Items from a data source
=-=-=-=-=
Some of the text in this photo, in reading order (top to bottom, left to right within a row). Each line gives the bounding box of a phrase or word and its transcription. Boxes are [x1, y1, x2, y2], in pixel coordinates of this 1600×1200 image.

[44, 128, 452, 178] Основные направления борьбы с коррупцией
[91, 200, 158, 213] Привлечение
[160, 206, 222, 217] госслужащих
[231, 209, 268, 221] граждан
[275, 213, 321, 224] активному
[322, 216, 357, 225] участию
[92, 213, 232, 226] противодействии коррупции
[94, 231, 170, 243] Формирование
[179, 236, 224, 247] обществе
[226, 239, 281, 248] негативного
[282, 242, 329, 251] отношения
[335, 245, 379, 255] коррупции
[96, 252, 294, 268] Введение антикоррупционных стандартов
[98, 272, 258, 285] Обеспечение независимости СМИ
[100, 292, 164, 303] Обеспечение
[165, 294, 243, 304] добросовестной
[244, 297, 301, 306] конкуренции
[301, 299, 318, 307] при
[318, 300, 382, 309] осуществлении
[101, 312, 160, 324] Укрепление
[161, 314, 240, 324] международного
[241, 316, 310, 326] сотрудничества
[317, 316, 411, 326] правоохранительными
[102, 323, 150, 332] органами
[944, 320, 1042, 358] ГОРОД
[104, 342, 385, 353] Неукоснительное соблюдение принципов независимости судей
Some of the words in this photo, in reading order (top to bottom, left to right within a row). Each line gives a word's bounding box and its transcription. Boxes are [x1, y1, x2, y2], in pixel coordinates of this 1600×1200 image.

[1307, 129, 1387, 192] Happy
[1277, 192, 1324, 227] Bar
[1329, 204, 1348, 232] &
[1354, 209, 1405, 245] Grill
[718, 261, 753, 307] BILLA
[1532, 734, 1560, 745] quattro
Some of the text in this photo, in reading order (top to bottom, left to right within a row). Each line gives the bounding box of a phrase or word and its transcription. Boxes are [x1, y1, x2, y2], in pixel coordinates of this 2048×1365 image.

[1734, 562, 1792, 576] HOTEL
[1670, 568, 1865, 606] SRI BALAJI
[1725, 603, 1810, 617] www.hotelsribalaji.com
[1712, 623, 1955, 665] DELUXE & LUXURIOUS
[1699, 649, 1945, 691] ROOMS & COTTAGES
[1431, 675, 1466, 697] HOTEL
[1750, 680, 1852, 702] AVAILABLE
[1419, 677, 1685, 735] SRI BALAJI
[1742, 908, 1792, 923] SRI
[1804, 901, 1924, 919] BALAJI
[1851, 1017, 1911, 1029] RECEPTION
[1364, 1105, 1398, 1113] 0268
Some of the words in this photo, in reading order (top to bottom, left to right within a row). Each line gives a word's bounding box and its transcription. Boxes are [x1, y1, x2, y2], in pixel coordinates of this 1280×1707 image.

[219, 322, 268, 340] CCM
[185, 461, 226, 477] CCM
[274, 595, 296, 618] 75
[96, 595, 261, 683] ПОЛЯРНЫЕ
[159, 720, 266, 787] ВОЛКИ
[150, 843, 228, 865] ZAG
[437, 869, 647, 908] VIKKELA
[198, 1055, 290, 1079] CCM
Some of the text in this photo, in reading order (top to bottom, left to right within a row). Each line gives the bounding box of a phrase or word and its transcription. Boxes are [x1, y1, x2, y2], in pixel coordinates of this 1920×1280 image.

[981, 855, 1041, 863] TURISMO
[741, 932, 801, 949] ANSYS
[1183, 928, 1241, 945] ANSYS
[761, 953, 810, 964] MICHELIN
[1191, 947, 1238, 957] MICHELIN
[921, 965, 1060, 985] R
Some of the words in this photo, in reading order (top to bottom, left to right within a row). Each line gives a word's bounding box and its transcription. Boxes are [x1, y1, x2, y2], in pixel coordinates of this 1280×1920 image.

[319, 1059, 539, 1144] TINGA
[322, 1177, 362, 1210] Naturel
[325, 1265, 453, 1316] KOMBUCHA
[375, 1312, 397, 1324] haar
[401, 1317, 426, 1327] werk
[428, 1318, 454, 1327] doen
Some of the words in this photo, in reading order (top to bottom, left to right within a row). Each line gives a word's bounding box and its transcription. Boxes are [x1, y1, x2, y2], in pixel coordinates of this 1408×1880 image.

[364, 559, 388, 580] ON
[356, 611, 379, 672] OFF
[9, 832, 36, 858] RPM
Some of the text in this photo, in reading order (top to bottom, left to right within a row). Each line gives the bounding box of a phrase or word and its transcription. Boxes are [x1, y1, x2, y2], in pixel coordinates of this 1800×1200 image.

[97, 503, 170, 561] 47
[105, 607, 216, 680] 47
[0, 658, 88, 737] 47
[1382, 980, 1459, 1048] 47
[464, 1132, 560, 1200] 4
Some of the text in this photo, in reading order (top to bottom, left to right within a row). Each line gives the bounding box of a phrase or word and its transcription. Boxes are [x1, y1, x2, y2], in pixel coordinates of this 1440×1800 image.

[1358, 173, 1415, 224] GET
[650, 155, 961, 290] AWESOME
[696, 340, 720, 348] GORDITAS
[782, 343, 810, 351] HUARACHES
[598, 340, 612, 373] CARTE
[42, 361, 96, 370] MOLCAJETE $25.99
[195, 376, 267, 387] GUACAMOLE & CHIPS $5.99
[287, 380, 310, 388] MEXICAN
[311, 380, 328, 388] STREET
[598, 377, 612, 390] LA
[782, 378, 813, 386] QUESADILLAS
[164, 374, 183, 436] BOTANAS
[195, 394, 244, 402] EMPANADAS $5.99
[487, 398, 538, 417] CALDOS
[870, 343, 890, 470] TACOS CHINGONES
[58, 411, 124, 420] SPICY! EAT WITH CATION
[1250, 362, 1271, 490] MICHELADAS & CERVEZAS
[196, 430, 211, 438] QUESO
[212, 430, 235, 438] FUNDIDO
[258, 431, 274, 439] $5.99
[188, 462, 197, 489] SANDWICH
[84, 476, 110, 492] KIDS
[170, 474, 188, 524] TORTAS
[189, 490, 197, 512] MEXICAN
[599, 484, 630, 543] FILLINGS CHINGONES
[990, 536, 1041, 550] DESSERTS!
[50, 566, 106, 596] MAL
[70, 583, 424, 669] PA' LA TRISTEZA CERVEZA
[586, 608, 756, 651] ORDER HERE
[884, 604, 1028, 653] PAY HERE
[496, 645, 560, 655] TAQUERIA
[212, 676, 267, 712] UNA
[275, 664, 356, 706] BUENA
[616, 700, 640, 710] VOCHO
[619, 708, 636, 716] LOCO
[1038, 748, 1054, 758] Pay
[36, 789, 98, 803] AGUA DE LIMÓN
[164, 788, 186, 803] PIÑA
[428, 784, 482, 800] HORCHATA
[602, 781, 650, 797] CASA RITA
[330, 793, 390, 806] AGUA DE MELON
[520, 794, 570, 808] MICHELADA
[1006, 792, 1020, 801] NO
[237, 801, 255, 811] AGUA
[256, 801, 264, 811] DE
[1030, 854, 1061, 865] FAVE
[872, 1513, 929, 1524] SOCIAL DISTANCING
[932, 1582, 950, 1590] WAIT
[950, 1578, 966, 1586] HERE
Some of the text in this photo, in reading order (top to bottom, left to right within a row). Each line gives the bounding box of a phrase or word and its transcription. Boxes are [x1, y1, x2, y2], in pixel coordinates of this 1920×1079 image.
=-=-=-=-=
**EXERCISE AIM**
Without changing a word, write out each entry again.

**OUTPUT BELOW**
Some of the text in this photo, in reading order (top to bottom, left to right within a row). Each line gives the bounding box of a phrase or word and its transcription. Boxes are [x1, y1, x2, y2], in pixel coordinates of this 1600×1200 image.

[44, 128, 452, 178] Основные направления борьбы с коррупцией
[91, 200, 158, 213] Привлечение
[160, 206, 222, 217] госслужащих
[231, 209, 268, 221] граждан
[275, 213, 321, 224] активному
[322, 216, 357, 225] участию
[92, 213, 232, 226] противодействии коррупции
[94, 231, 170, 243] Формирование
[179, 236, 224, 247] обществе
[226, 239, 281, 248] негативного
[282, 242, 329, 251] отношения
[335, 245, 379, 255] коррупции
[96, 252, 294, 268] Введение антикоррупционных стандартов
[98, 272, 258, 285] Обеспечение независимости СМИ
[100, 292, 164, 303] Обеспечение
[165, 294, 243, 304] добросовестной
[244, 297, 301, 306] конкуренции
[301, 299, 318, 307] при
[318, 300, 382, 309] осуществлении
[101, 312, 160, 324] Укрепление
[161, 314, 240, 324] международного
[241, 316, 310, 326] сотрудничества
[317, 316, 411, 326] правоохранительными
[102, 323, 150, 332] органами
[944, 320, 1042, 358] ГОРОД
[104, 342, 385, 353] Неукоснительное соблюдение принципов независимости судей
Some of the words in this photo, in reading order (top to bottom, left to right within a row). Each line gives a word's bounding box and its transcription. Boxes are [x1, y1, x2, y2], in pixel coordinates of this 1600×1200 image.

[1307, 129, 1387, 192] Happy
[1277, 192, 1324, 227] Bar
[1329, 204, 1348, 232] &
[1354, 209, 1405, 245] Grill
[718, 261, 753, 307] BILLA
[1532, 734, 1560, 745] quattro
Some of the text in this photo, in reading order (top to bottom, left to right within a row). Each line gives the bounding box of a phrase or word and its transcription. Boxes are [x1, y1, x2, y2], in pixel coordinates of this 2048×1365 image.

[1734, 562, 1792, 576] HOTEL
[1670, 568, 1865, 606] SRI BALAJI
[1725, 603, 1810, 617] www.hotelsribalaji.com
[1712, 623, 1955, 665] DELUXE & LUXURIOUS
[1699, 649, 1945, 691] ROOMS & COTTAGES
[1431, 675, 1466, 697] HOTEL
[1750, 680, 1852, 702] AVAILABLE
[1419, 677, 1685, 735] SRI BALAJI
[1742, 908, 1792, 923] SRI
[1804, 901, 1924, 919] BALAJI
[1851, 1017, 1911, 1029] RECEPTION
[1364, 1105, 1398, 1113] 0268
Some of the words in this photo, in reading order (top to bottom, left to right within a row). Each line gives a word's bounding box and its transcription. Boxes are [x1, y1, x2, y2], in pixel coordinates of this 1280×1707 image.

[219, 322, 268, 340] CCM
[185, 461, 226, 477] CCM
[274, 595, 296, 618] 75
[96, 595, 261, 683] ПОЛЯРНЫЕ
[159, 720, 266, 787] ВОЛКИ
[150, 843, 228, 865] ZAG
[437, 869, 647, 908] VIKKELA
[198, 1055, 290, 1079] CCM
Some of the text in this photo, in reading order (top to bottom, left to right within a row). Each line gives the bounding box of a phrase or word and its transcription. Boxes are [x1, y1, x2, y2], in pixel coordinates of this 1920×1280 image.

[981, 855, 1041, 863] TURISMO
[741, 932, 801, 949] ANSYS
[1183, 928, 1241, 945] ANSYS
[761, 953, 810, 964] MICHELIN
[1191, 947, 1238, 957] MICHELIN
[921, 965, 1060, 985] R
Some of the words in this photo, in reading order (top to bottom, left to right within a row). Each line gives a word's bounding box and its transcription. Boxes are [x1, y1, x2, y2], in pixel coordinates of this 1280×1920 image.

[319, 1059, 539, 1144] TINGA
[322, 1177, 362, 1210] Naturel
[325, 1265, 453, 1316] KOMBUCHA
[375, 1312, 397, 1324] haar
[401, 1317, 426, 1327] werk
[428, 1318, 454, 1327] doen
Some of the words in this photo, in reading order (top to bottom, left to right within a row). Each line gives a word's bounding box and its transcription. Boxes are [x1, y1, x2, y2], in pixel coordinates of this 1408×1880 image.

[364, 559, 388, 580] ON
[356, 611, 379, 672] OFF
[9, 832, 36, 858] RPM
Some of the text in this photo, in reading order (top to bottom, left to right within a row). Each line gives the bounding box of a phrase or word and its transcription. Boxes are [x1, y1, x2, y2], in pixel coordinates of this 1800×1200 image.

[97, 503, 170, 561] 47
[105, 607, 216, 680] 47
[0, 658, 88, 737] 47
[1382, 980, 1459, 1048] 47
[464, 1132, 560, 1200] 4
Some of the text in this photo, in reading order (top to bottom, left to right within a row). Each line gives the bounding box of a phrase or word and its transcription. Boxes are [x1, y1, x2, y2], in pixel coordinates of this 1440×1800 image.

[1358, 173, 1415, 224] GET
[650, 155, 961, 290] AWESOME
[696, 340, 720, 348] GORDITAS
[782, 343, 810, 351] HUARACHES
[598, 340, 612, 373] CARTE
[42, 361, 96, 370] MOLCAJETE $25.99
[195, 376, 267, 387] GUACAMOLE & CHIPS $5.99
[287, 380, 310, 388] MEXICAN
[311, 380, 328, 388] STREET
[598, 377, 612, 390] LA
[782, 378, 813, 386] QUESADILLAS
[164, 374, 183, 436] BOTANAS
[195, 394, 244, 402] EMPANADAS $5.99
[487, 398, 538, 417] CALDOS
[870, 343, 890, 470] TACOS CHINGONES
[58, 411, 124, 420] SPICY! EAT WITH CATION
[1250, 362, 1271, 490] MICHELADAS & CERVEZAS
[196, 430, 211, 438] QUESO
[212, 430, 235, 438] FUNDIDO
[258, 431, 274, 439] $5.99
[188, 462, 197, 489] SANDWICH
[84, 476, 110, 492] KIDS
[170, 474, 188, 524] TORTAS
[189, 490, 197, 512] MEXICAN
[599, 484, 630, 543] FILLINGS CHINGONES
[990, 536, 1041, 550] DESSERTS!
[50, 566, 106, 596] MAL
[70, 583, 424, 669] PA' LA TRISTEZA CERVEZA
[586, 608, 756, 651] ORDER HERE
[884, 604, 1028, 653] PAY HERE
[496, 645, 560, 655] TAQUERIA
[212, 676, 267, 712] UNA
[275, 664, 356, 706] BUENA
[616, 700, 640, 710] VOCHO
[619, 708, 636, 716] LOCO
[1038, 748, 1054, 758] Pay
[36, 789, 98, 803] AGUA DE LIMÓN
[164, 788, 186, 803] PIÑA
[428, 784, 482, 800] HORCHATA
[602, 781, 650, 797] CASA RITA
[330, 793, 390, 806] AGUA DE MELON
[520, 794, 570, 808] MICHELADA
[1006, 792, 1020, 801] NO
[237, 801, 255, 811] AGUA
[256, 801, 264, 811] DE
[1030, 854, 1061, 865] FAVE
[872, 1513, 929, 1524] SOCIAL DISTANCING
[932, 1582, 950, 1590] WAIT
[950, 1578, 966, 1586] HERE
Some of the text in this photo, in reading order (top to bottom, left to right within a row). Each line gives the bounding box of a phrase or word and its transcription. Boxes are [x1, y1, x2, y2], in pixel coordinates of this 1920×1079 image.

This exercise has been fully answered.